A/N: Made it this far?  Then I hope it's been worth reading.  A fairly lengthy author's note follows; it's mostly background on Geillis' character, which I'd been meaning to explain, and this seemed as good a place as any on account of the ridiculous names I gave to her and to her parents. 

Oh, and you might want to take a good look at what the first letters of "Sashara Irena Lavinia Lilith Yvonne" spell.  I'm sure you'll appreciate the sentiment.

As usual, there are a couple of references which might need some explaining.  First of all, the names "Codanna Tangul", "Sashara Elford" and "Bonosares", while completely ridiculous, hold a special place in my heart.  The first story that I wrote using those names wasn't really all that good, but perhaps that may be forgiven as I was only twelve at the time and I was rather new to writing fiction.  It was a fantasy story, of course, and Sashara was the Queen of the Forest People (Elves) and Codanna was her evil enemy.  Bonosares, now given the first name "Nathan" (don't ask), was of course Sashara's love interest.  I've incorporated some aspects of these old characters into their present incarnations as Geillis Gaerwing and Codanna Tangol--Sashara's naïveté and Codanna's malice, for example--and I thought that since those old characters are part of where these new ones came from, I could use those old names as a form of homage to the past.  Besides, it saved me the inconvenience of trying to find even more ridiculous names for Geillis. =)
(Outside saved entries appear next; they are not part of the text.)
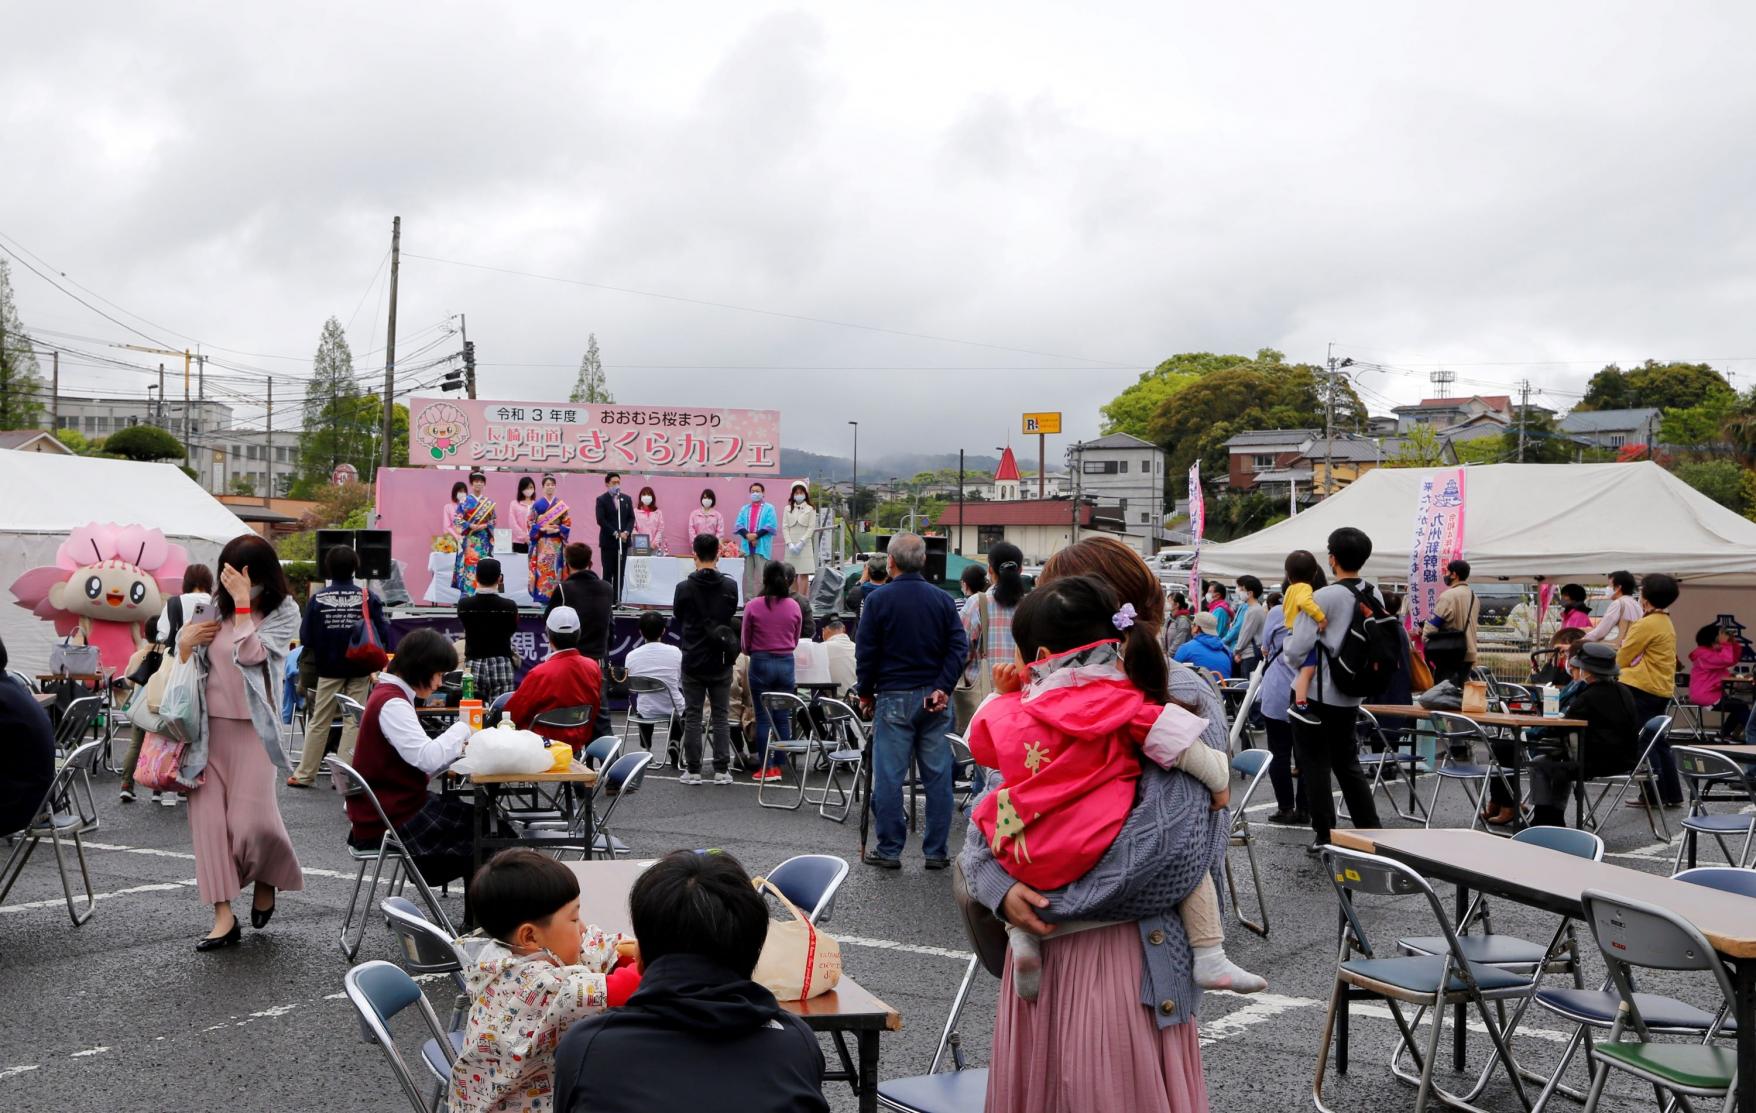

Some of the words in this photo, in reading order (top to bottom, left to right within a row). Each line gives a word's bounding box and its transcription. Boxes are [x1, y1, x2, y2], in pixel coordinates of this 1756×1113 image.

[600, 409, 722, 428] おおむら桜まつり
[487, 427, 563, 444] 長崎街道
[471, 443, 576, 463] シュガーロード
[577, 430, 775, 466] さくらカフェ
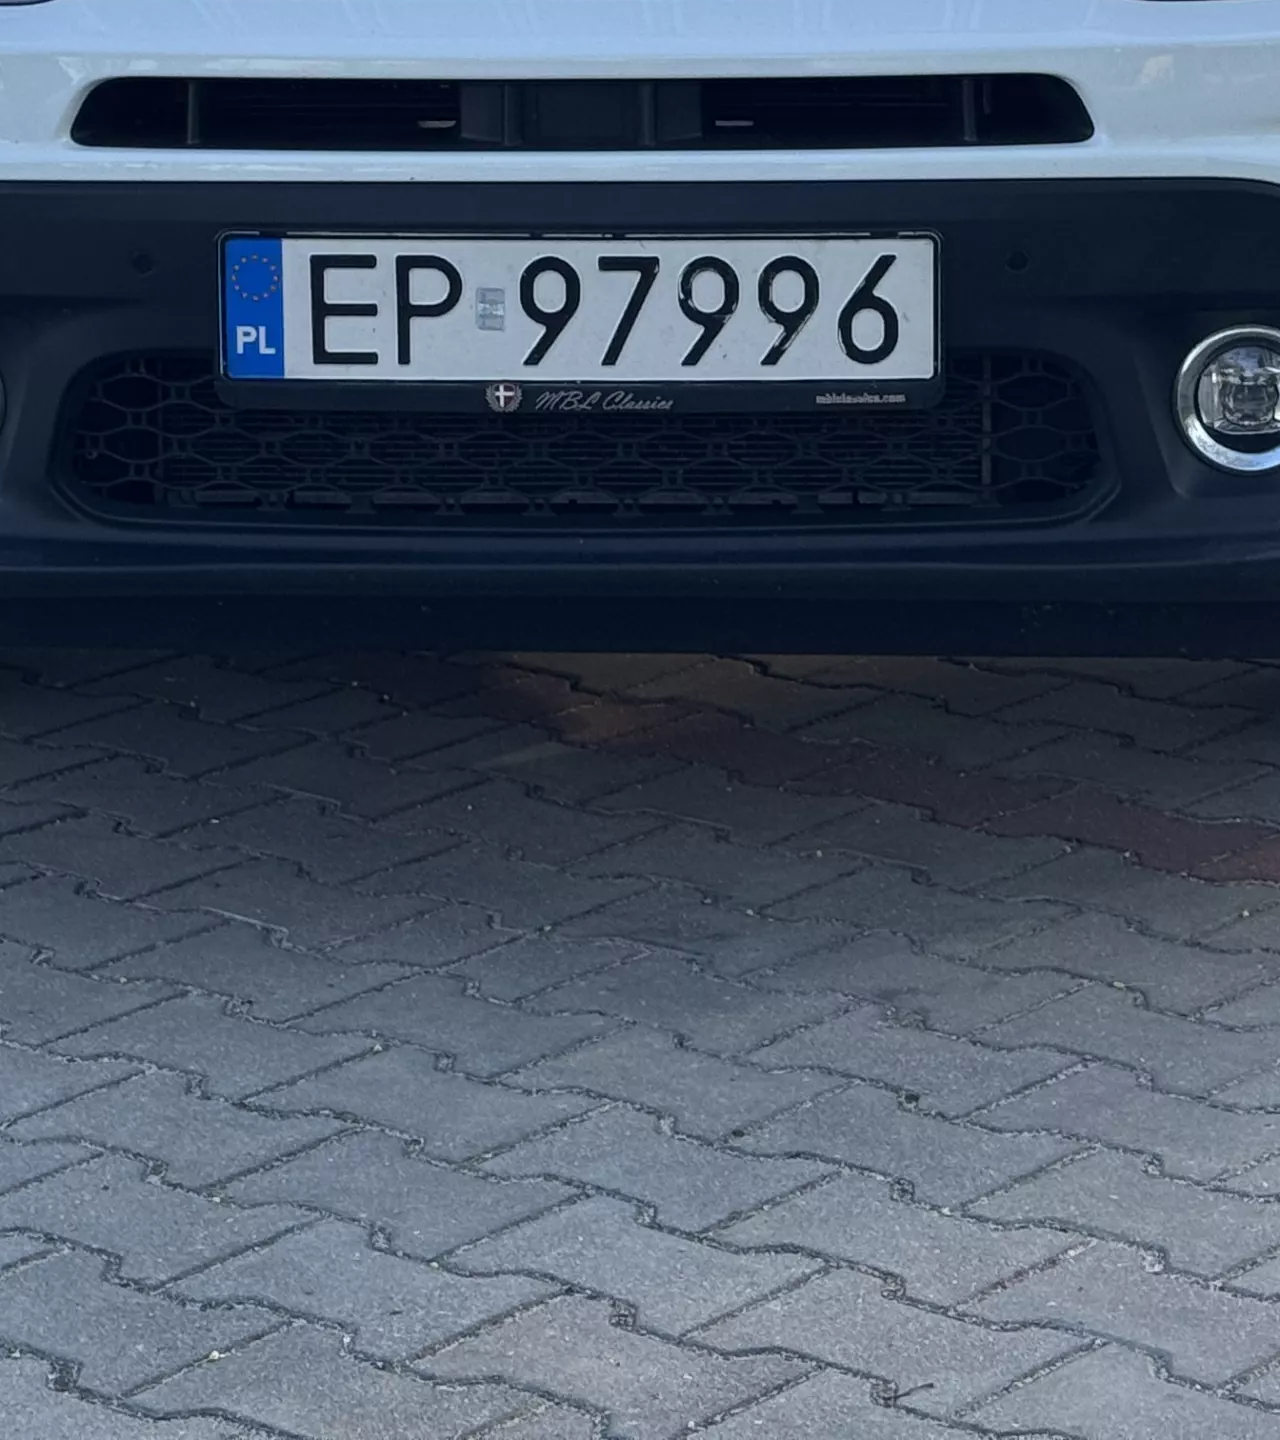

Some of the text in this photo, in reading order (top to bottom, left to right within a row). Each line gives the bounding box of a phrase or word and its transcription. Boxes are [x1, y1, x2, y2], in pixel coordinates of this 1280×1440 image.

As a note on Geillis' reaction to her old name, I think the character (again in one of her older incarnations) started to rebel when I was about seventeen or so.  When I wrote things about her, it would come out as "Sarah Ellis".  These stories have been unfortunately (or perhaps fortunately) lost, as they were on a computer that has long since kicked the bucket, but the name remains; in my file of miscellaneous facts on Geillis, I have retained this name as the one under which she took piano and harp lessons as a child.  Eventually, I came across the name "Geillis" when I was reading the book "Thornyhold" by Mary Stewart, and again when I read the "Outlander" series by Diana Gabaldon.  Before I knew it, Sashara/Sarah was now Geillis, and when I went in search of a last name for her, I turned to an appendix of one of Tolkien's collections of stories--I think it was the "Silmarillion", but I'm a little unclear on that, as it's been quite some time since then.  In any case, I turned to one of the Elven language sections, saw the word "gaer" for "sea" and "wing" for "foam", and poof!  Geillis had a last name.  For about a year and a half, Geillis just sort of floated around in my consciousness until finally I read "Harry Potter and the Philosopher's Stone".  The story was suddenly there, if only in a sketchy form, but I tried pushing it down while I read the next three books.  (I've been waiting for Order of the Phoenix to come out in paperback, as they're usually a bit less expensive and as a university student, there are several other things that I have to spend my money on, tuition and textbooks being two of the obvious ones.)  About six months ago, I started writing this story; it's more or less finished now, and I'm not too happy about one aspect of its ending, which I resisted through most of the writing.  (I'm sure that anyone reading it through to the end once I've got it posted will probably be able to figure out what it is, since it nearly happens several times but something else always manages to stop it until pretty much the end of the story.)  In any case, I wanted to poke some fun at Mary-Sues using Geillis' old name, thus another reason for the use of "Sashara Elford".  There are few names sillier than what I used to dream up when I was twelve.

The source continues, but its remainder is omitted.